Nayar contrasted the growth in the size of China’s banks with comparatively smaller Indian lenders, which are also tackling rising bad debts.
State Bank of India, the nation’s largest lender, had assets of about $400 billion at the end of December, about an eighth of the total held by Industrial & Commercial Bank of China, exchange filings show.
$1 trillion
India’s goal is $1 trillion of spending on roads, ports, power and other infrastructure from 2012 to 2017. About 75 percent of this would need to be financed through debt, according to Nayar, leading to the figure of $750 billion.
India Infrastructure Finance, set up by the government in 2006, raises funds at home and abroad and has a loan book of about 280 billion rupees, according to Nayar.
Modi has tried to speed up environmental and other approvals for major projects since taking office a year ago.
His government has said infrastructure outlays will rise 700 billion rupees in the year through March 2016. Other steps include spending 200 billion rupees to establish a fund to spur infrastructure lending and permitting dedicated tax-free bonds.
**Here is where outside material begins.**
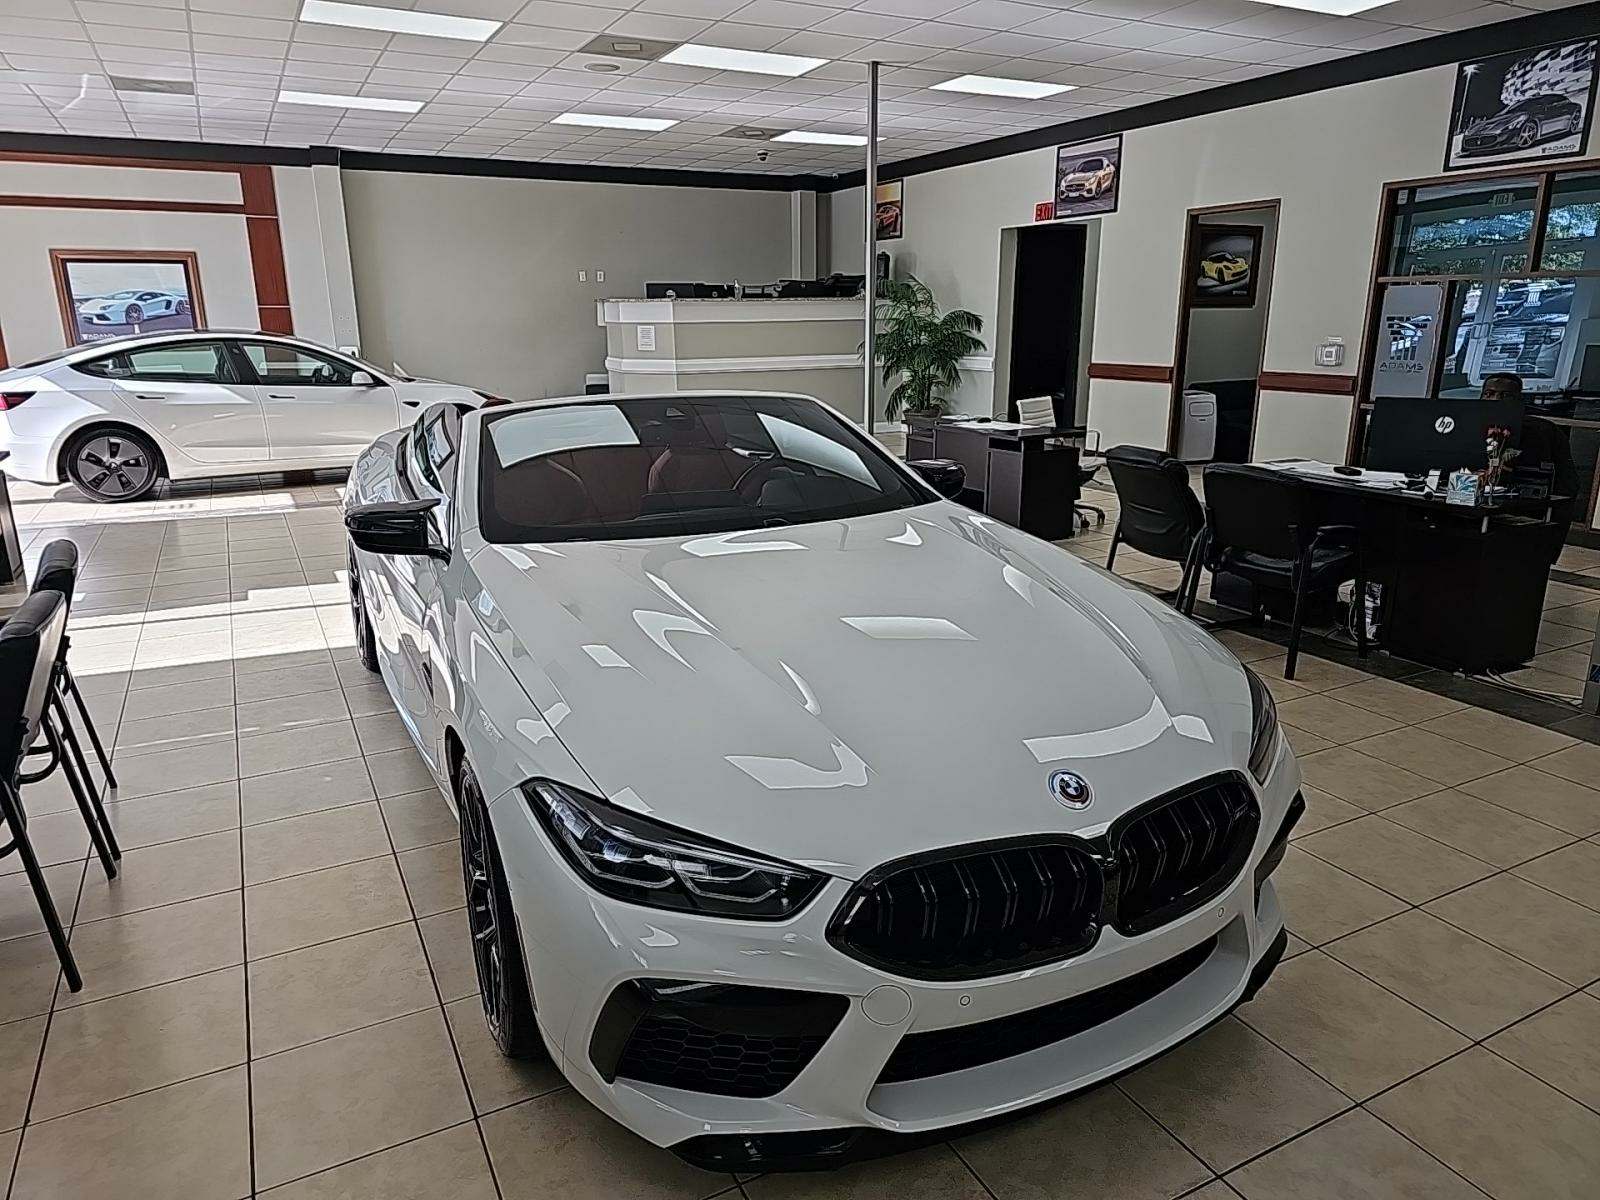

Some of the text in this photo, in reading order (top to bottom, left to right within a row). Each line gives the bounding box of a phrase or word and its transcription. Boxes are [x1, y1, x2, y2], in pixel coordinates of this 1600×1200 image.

[1037, 204, 1052, 220] EXIT
[1379, 362, 1424, 371] ADAMS
[1437, 416, 1453, 433] hp
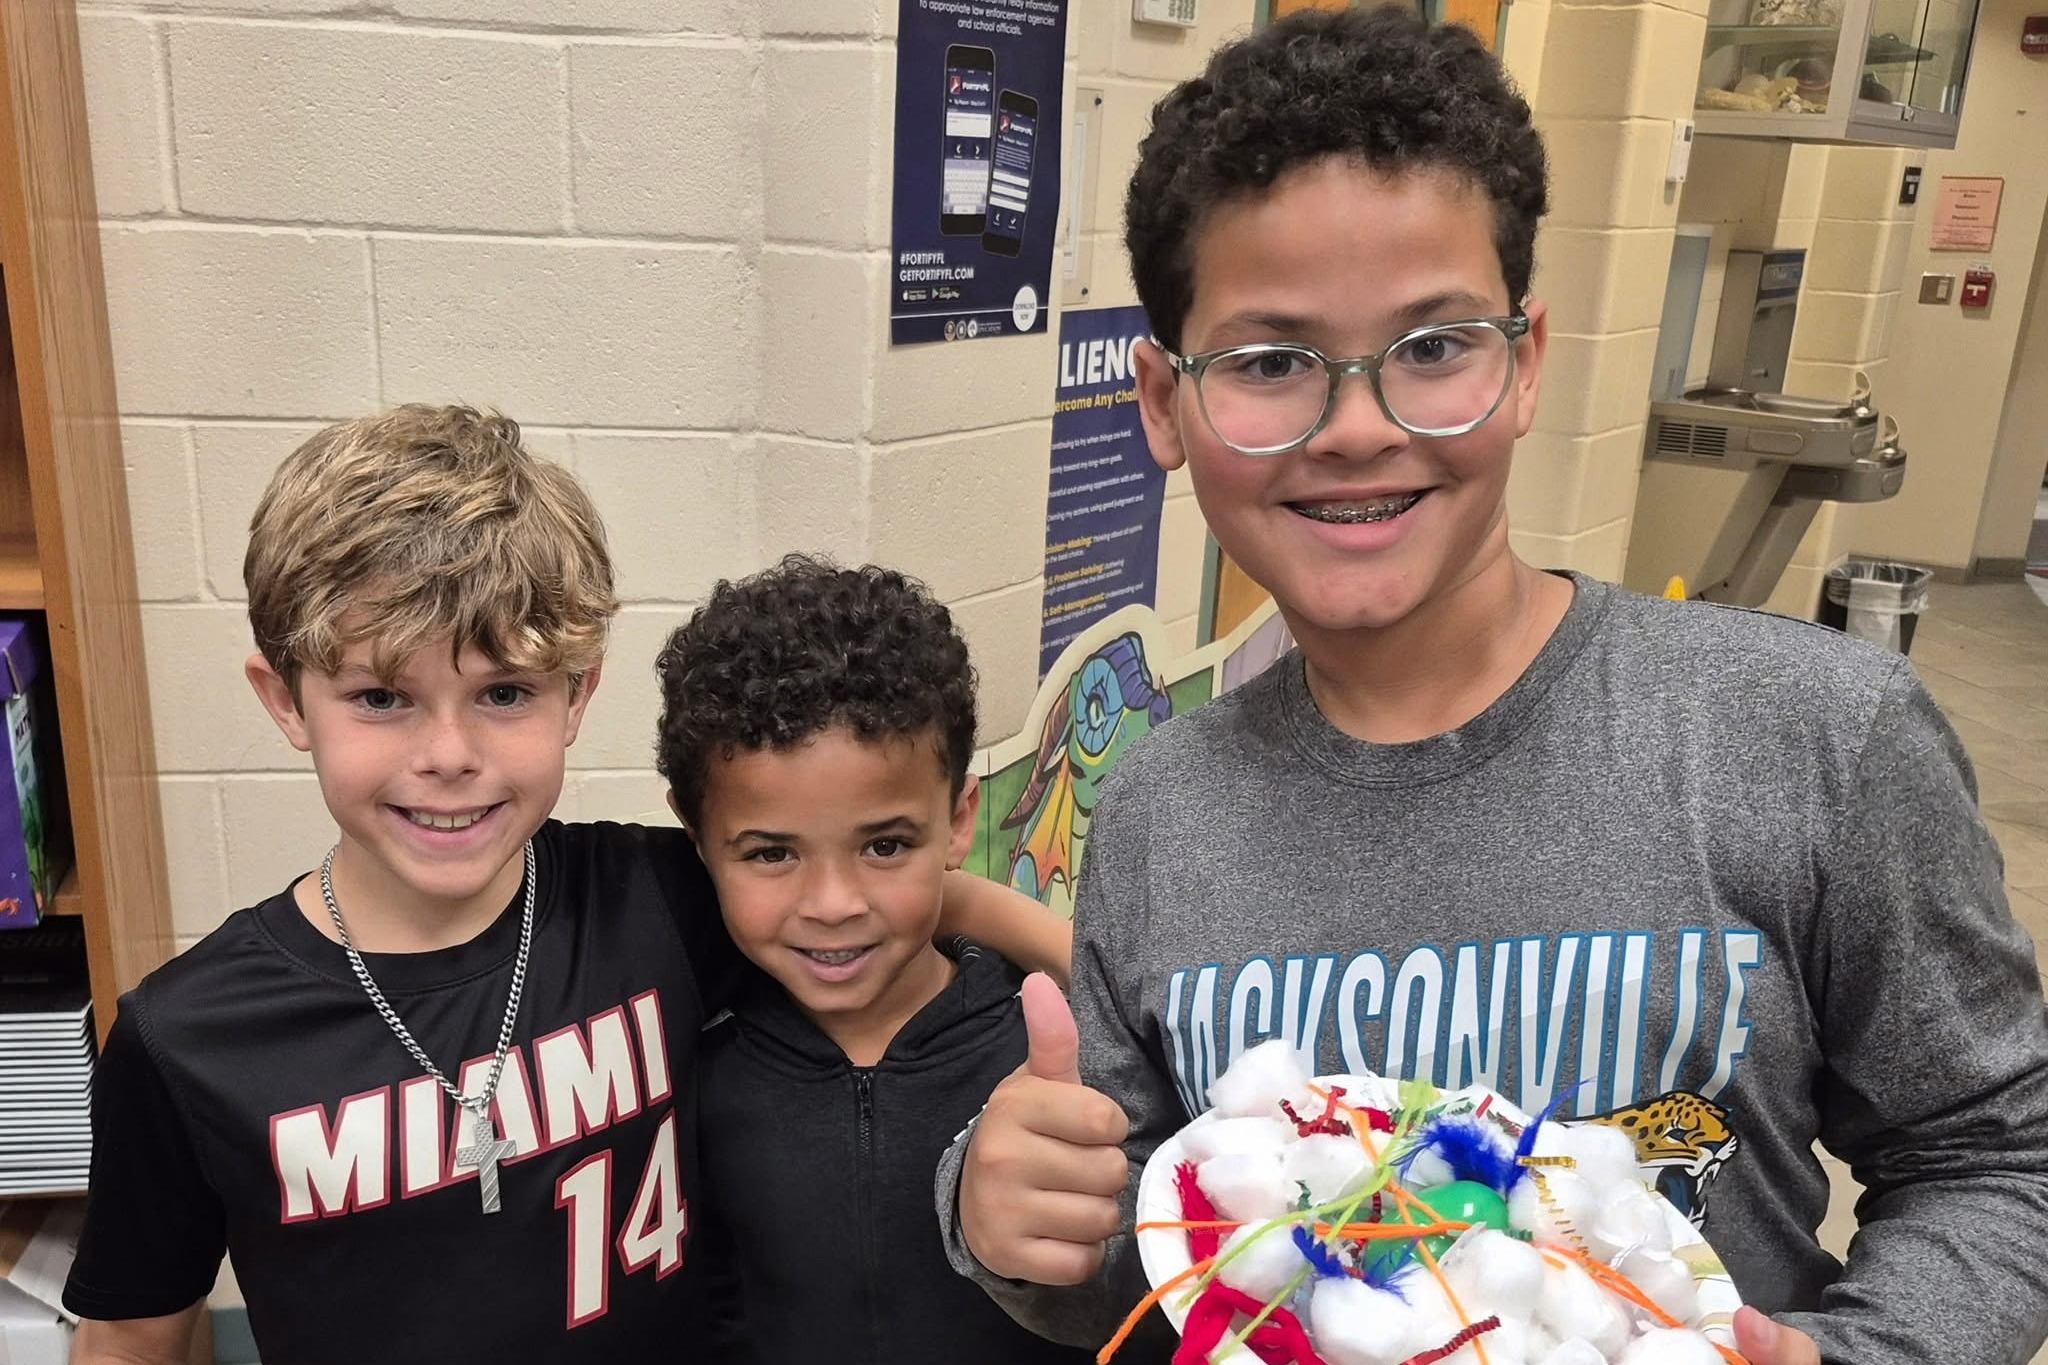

Nayar also expects further interest-rate cuts by the Reserve Bank of India following a moderation in inflation.
At the same time, some of the initial euphoria about Modi’s development agenda has begun to dissipate.
Adequate returns
People need “confidence that investing in infrastructure, they would be in a position to get their money back and adequate returns,” said Hemant Kanoria, chairman of SREI Infrastructure Finance.
The S&P BSE India Capital Goods Index of construction and engineering companies is down about 13 percent since early March, paring its gain this year to 5 percent.
Market borrowing costs have also advanced recently. Bonds have declined globally ahead of a potential increase in interest rates by the U.S. Federal Reserve.
L&T Infrastructure Finance last month sold a 10-year bond at an 8.9 percent coupon, 15 basis points higher than similar debt sold in February, Bloomberg-compiled data shows. The average yield on five-year top-rated rupee corporate bonds is up 17 basis points to 8.51 percent from this year’s low.
Higher yields may hurt Modi’s push to close the gap to China. The latter invests 17 percent of gross domestic product in infrastructure, compared with India’s 5 percent, State Bank of India Chief Economic Adviser Soumya Kanti Ghosh said.
“There will be a huge requirement for railways, ports and shipping, airports and roads,” Nayar said. “Knowing that banks will step back, we need to make a more active role.”